Starring Jesse, J.J., and Mr. Minegold, from Pale Girl, and so many other books.

References to Mr. Minegold’s origin story, Missing Stars.

“ J esse Jakob, don’t eat all the jam, sweetheart.”

The three-year-old slowly puts down the spoon.

“Silly boy of mine. The little hat cookies will be done soon, then you can have one, warm out of the oven. It’ll be much better than just the jam—even if it is very good jam.”

“They don’t look like hats.” J.J. peers into the oven.

“Not hats like your baseball cap, or your winter hat. These are old hats.”

J.J. laughs. “Eating old hats! Daddy! Daddy, we’re going to eat old hats!”

Mr. Minegold scoops up his grandson. “Jesse!
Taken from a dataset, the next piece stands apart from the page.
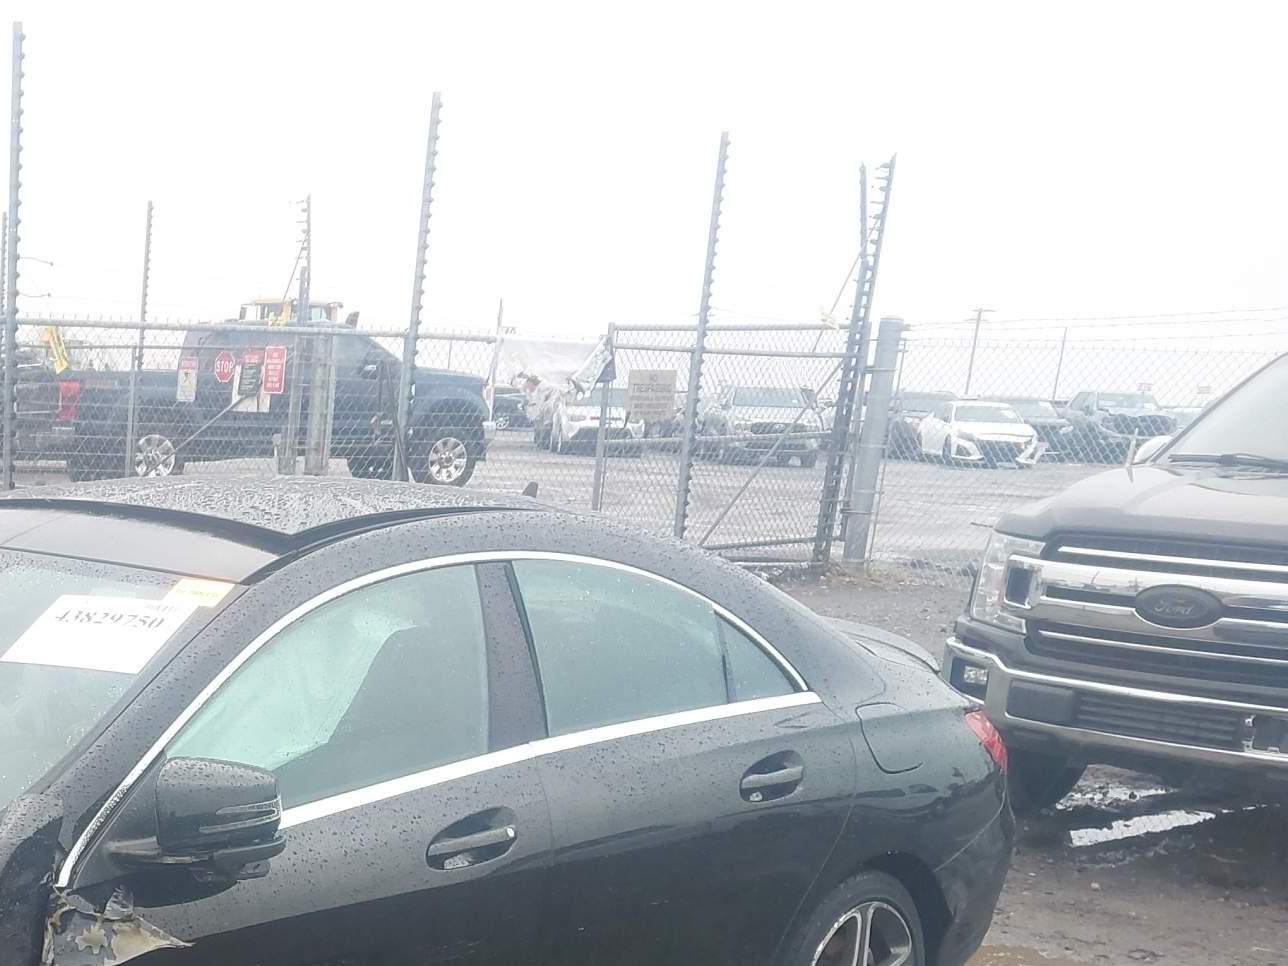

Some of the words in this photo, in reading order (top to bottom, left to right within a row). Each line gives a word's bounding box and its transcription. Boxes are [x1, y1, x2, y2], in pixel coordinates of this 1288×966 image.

[216, 361, 233, 373] STOP
[1152, 599, 1196, 617] Ford
[54, 608, 166, 629] 43829750
Your son does not know the story of Purim.”

“He’s also three.” Jesse comes in, a soft pink bundle in his arms. “Look who’s awake.”

J.J. waves at his sister and kisses the air near her as he runs past, off to the play area in the old mansion where his grandfather, a vampire, lives; where his father, also a vampire, brings them a few times a week, because family is everything. Worth risking everything for.

“You and Sophie do not have to teach him my faith. I am a man of many faiths. Many traditions.” Jakob Minegold suddenly looks tired—old, even though he stopped aging long ago.

“We know that. But we want to. We just haven’t had much time or experience teaching him these big things.

This world is full of monsters—I don’t mean like Orcs and vampires, I mean like horrible people who do horrible things to each other.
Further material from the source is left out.